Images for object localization
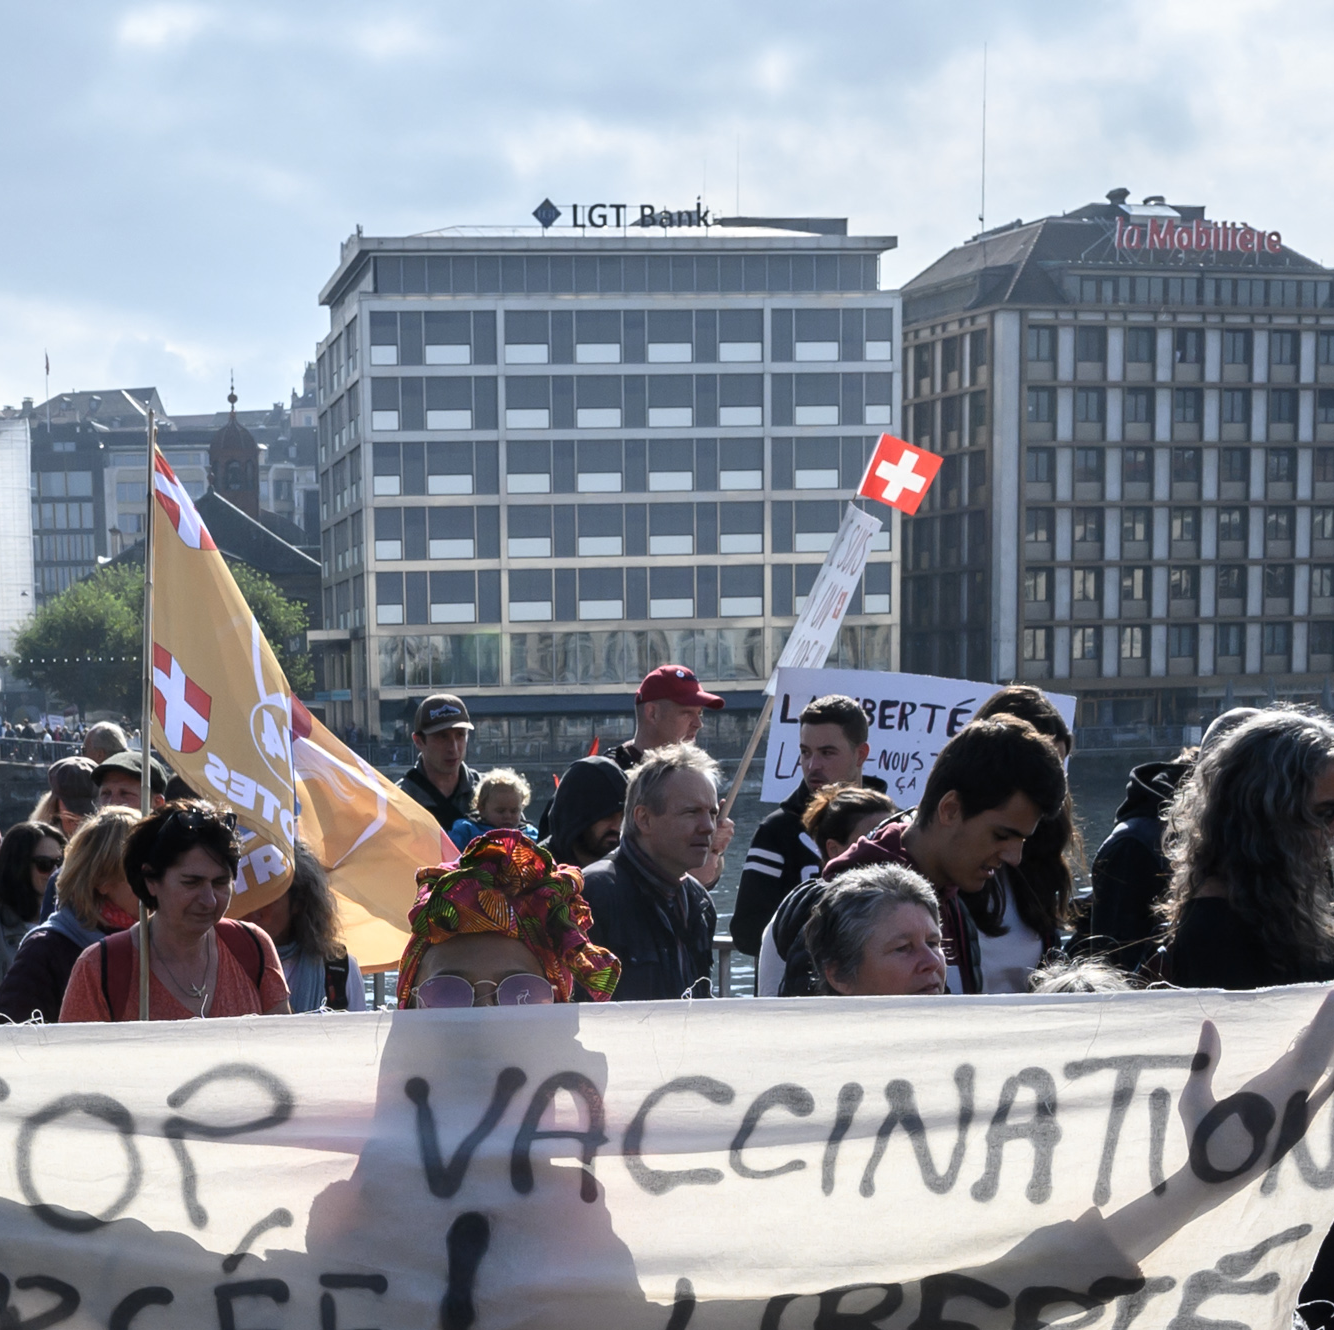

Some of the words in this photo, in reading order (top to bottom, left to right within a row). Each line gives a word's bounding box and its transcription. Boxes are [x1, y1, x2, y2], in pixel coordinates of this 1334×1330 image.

[572, 203, 627, 228] LGT
[639, 203, 713, 228] Bank
[1114, 216, 1141, 250] la
[1147, 218, 1282, 254] Mobilière
[857, 697, 977, 738] BERTÉ
[894, 776, 916, 795] ÇA

▶ Problem description: Output the records above character for character, but leave each image out.

▶ Response area:
Some of the words in this photo, in reading order (top to bottom, left to right within a row). Each line gives a word's bounding box and its transcription. Boxes are [x1, y1, x2, y2], in pixel coordinates of this 1334×1330 image.

[572, 203, 627, 228] LGT
[639, 203, 713, 228] Bank
[1114, 216, 1141, 250] la
[1147, 218, 1282, 254] Mobilière
[857, 697, 977, 738] BERTÉ
[894, 776, 916, 795] ÇA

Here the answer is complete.